A Mocidade Alegre exaltou a atriz Léa Garcia no enredo “Malunga Léa – Rapsódia de uma Deusa Negra”, com comissão de frente estrelada por Thelma Assis e Fred Nicácio.

Carros como o abre-alas com indumentárias africanas e uma alegoria de Iemanjá que soltava água encantaram o público.
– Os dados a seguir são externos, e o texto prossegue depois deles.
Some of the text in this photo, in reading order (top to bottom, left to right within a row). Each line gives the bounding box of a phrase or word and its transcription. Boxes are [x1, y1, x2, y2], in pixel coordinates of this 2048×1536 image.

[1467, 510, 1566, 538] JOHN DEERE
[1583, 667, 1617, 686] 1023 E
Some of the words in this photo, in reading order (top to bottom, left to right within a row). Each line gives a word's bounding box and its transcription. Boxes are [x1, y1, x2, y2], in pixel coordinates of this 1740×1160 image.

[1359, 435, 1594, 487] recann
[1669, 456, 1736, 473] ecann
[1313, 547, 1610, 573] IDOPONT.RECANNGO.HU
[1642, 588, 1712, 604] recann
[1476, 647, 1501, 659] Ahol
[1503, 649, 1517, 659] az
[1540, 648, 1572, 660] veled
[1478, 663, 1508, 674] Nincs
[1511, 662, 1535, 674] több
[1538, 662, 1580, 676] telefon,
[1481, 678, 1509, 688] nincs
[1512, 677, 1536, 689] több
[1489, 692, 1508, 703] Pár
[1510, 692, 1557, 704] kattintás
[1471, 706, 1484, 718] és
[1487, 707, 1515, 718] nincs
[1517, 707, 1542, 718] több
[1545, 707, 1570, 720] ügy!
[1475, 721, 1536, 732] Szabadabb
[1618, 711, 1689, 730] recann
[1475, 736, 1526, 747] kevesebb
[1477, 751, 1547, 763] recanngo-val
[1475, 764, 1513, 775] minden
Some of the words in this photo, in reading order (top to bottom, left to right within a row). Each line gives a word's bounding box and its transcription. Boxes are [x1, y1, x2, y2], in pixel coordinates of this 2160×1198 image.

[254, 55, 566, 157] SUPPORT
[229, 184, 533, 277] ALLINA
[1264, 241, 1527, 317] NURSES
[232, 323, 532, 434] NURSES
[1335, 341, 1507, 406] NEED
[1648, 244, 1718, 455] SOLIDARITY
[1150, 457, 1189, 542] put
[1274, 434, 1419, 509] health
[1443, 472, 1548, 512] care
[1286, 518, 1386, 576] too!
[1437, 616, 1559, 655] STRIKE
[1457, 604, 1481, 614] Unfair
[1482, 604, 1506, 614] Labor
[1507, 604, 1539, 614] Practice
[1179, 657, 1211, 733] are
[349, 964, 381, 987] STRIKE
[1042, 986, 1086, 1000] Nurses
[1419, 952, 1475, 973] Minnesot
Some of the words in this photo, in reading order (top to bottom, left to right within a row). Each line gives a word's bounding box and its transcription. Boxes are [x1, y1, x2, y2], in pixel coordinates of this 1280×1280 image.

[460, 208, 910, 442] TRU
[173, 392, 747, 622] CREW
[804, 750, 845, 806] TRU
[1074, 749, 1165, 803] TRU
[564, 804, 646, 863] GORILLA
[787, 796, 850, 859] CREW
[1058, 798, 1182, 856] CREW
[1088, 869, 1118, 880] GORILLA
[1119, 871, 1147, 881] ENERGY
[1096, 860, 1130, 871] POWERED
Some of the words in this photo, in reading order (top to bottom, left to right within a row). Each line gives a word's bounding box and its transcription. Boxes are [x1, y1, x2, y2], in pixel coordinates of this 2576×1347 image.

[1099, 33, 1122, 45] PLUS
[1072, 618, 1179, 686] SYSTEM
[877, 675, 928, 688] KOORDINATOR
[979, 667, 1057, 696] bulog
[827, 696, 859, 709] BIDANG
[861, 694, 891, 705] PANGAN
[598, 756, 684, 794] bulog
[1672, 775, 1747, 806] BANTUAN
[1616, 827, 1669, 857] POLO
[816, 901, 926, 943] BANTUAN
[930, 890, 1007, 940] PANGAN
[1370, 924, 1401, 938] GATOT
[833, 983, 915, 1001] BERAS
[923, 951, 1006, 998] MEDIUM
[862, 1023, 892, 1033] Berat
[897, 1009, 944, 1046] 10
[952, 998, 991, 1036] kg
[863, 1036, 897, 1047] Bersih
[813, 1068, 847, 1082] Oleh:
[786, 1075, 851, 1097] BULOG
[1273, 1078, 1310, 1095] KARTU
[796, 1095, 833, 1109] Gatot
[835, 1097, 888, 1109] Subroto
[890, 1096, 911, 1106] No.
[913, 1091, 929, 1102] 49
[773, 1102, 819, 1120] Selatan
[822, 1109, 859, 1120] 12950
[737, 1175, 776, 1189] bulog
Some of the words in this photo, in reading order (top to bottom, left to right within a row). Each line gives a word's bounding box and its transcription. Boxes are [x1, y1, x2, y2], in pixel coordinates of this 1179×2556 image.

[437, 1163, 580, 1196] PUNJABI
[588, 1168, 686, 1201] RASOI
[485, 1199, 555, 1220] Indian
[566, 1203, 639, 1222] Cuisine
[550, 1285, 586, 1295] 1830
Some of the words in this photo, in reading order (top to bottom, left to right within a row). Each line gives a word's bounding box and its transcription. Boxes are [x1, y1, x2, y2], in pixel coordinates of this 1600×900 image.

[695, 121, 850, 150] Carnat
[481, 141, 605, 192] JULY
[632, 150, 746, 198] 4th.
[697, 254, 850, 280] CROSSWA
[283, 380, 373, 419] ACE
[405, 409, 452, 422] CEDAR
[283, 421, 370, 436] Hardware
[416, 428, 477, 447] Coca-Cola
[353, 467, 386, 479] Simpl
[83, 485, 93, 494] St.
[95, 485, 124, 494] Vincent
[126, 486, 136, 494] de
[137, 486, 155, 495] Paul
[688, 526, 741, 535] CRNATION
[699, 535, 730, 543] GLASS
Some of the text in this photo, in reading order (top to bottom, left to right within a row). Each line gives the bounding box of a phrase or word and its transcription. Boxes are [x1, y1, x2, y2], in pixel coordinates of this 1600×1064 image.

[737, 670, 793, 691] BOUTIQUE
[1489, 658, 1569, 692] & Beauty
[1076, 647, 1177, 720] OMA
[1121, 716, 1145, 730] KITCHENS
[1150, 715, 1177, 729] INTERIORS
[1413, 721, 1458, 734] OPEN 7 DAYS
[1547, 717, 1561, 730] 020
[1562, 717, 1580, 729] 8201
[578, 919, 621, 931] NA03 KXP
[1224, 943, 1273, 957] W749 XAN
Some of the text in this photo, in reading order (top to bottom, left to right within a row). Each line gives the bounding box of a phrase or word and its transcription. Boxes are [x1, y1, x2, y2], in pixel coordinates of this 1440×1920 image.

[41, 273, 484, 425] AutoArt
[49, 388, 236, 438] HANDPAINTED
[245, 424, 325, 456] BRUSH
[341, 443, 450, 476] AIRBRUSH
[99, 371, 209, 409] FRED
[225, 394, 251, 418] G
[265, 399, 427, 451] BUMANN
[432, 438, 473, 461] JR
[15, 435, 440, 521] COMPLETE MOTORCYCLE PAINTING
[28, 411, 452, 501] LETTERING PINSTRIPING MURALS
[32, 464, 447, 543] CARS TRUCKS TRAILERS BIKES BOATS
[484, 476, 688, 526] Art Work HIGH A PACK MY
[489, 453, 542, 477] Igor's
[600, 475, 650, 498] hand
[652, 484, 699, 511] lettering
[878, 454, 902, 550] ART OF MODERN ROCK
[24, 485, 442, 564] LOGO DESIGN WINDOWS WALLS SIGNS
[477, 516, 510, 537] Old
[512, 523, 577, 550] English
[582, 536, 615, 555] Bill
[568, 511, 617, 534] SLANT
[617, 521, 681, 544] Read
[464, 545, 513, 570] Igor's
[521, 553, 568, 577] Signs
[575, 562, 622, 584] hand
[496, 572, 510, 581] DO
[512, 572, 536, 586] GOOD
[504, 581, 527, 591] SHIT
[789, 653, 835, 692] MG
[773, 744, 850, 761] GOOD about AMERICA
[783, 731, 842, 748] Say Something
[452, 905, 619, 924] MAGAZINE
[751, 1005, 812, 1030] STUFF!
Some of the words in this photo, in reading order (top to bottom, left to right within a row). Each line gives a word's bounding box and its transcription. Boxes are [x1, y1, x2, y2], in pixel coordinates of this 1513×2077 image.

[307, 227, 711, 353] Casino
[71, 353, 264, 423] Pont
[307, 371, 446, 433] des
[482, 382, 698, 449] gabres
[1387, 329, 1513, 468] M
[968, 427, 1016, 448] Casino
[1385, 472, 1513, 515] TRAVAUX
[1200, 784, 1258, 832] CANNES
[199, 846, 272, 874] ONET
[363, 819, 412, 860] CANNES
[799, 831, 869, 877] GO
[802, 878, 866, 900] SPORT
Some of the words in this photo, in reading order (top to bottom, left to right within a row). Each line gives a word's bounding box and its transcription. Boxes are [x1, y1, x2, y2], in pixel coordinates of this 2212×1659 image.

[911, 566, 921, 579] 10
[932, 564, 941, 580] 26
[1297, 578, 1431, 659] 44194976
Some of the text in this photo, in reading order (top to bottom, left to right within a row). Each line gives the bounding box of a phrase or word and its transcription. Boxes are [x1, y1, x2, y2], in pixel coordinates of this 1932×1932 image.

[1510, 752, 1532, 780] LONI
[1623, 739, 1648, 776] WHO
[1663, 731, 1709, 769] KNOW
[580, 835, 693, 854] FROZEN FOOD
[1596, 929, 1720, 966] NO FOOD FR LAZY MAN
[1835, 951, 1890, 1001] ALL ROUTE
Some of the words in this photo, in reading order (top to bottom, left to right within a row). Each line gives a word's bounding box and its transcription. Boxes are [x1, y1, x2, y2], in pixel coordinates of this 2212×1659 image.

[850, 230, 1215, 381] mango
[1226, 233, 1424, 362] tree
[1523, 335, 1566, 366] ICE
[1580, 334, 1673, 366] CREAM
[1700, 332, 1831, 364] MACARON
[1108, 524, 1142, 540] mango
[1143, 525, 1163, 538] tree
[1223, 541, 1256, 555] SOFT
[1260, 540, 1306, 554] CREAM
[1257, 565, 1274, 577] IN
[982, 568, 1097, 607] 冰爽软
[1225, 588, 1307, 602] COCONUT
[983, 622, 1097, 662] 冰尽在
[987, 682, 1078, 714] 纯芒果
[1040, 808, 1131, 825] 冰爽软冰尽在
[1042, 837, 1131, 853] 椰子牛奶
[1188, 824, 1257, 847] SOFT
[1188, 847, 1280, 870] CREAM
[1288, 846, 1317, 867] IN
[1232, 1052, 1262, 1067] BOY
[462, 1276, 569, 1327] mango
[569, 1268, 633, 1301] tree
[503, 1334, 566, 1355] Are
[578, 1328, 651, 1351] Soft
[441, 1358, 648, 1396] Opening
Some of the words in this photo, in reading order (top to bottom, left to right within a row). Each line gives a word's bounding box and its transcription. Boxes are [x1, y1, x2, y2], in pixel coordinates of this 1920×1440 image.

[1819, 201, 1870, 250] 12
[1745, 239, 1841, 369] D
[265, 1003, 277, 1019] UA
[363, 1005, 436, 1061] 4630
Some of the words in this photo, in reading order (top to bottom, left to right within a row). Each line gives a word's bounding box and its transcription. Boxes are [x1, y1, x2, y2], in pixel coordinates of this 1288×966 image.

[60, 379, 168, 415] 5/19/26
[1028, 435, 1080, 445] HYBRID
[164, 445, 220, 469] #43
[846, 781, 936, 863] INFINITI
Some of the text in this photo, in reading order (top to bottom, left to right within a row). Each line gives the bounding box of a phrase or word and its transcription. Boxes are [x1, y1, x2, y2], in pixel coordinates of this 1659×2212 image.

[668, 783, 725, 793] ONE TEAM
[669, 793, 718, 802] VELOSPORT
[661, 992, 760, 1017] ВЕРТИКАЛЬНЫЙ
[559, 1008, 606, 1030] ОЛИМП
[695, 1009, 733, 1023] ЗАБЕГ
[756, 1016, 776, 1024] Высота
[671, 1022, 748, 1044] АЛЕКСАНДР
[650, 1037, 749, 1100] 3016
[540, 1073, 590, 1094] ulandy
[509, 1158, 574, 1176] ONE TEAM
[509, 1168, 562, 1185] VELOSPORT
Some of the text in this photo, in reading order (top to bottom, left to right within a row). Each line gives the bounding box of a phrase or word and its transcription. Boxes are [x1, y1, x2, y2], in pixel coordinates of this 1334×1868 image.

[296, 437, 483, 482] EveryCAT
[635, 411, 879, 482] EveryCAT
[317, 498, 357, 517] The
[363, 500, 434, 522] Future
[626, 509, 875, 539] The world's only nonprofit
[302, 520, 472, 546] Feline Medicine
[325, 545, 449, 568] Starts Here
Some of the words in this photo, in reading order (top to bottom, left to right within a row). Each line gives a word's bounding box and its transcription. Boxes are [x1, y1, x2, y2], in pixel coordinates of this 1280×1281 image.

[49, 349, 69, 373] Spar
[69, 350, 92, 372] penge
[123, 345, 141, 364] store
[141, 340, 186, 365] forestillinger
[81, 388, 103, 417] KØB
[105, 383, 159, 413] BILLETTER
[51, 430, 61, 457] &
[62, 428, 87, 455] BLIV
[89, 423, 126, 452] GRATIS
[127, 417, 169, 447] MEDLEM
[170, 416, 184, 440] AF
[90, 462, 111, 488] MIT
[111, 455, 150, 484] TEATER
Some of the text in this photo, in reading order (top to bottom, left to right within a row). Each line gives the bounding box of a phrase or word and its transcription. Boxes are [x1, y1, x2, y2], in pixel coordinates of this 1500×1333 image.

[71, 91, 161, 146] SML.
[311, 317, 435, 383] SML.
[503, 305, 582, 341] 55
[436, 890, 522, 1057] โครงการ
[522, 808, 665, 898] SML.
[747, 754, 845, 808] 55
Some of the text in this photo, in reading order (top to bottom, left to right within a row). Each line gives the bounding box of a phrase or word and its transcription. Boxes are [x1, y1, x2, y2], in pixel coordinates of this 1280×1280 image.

A escola, vice-campeã recente, concluiu o desfile dentro do tempo, apesar da correria nos minutos finais.

Gaviões da Fiel

Os Gaviões da Fiel defenderam os povos originários e as florestas em um enredo sem o verde predominante, exibindo o maior carro do carnaval: um abre-alas de 72 metros que simbolizava a harmonia entre humanos, animais e plantas.

Homenagens a Sônia Guajajara, ao cacique Raoni e a um Cristo Redentor com cocar marcaram o desfile colorido e monumental da escola.

Escola do Terceiro Milênio

Em seu terceiro ano no Grupo Especial, a Escola do Terceiro Milênio rendeu tributo ao sambista Paulo César Pinheiro, com representações de Baden Powell, Clara Nunes e Dona Ivone Lara.

Um dos destaques foi o carro monocromático “Canto das Três Raças”, com bandeiras que defendiam “justiça social”, unindo samba, Mangueira e literatura em um desfile emocionante.

Tom Maior

De volta ao Grupo Especial, a Tom Maior narrou a trajetória de Chico Xavier e da cidade de Uberaba (MG), com referências a lendas locais, à indústria e a igrejas em alegorias como o abre-alas turquesa que representava as águas da cidade.

Um carro com temática indiana apresentou falha na iluminação, mas o desfile foi encerrado com uma celebração ao espiritismo, com rosas borrifadas sobre o público, impressionando pela grandiosidade.

Camisa Verde e Branco

Fechando os desfiles, o Camisa Verde e Branco celebrou manifestações ligadas a Exu, guardião das encruzilhadas, com bateria contagiante e alegorias de búzios, plumas, Maria Padilha e Zé Pelintra.

A escola ultrapassou o tempo limite ao desfilar por 66 minutos, após o último carro alegórico parar na pista e precisar ser empurrado, mas manteve a energia até o amanhecer.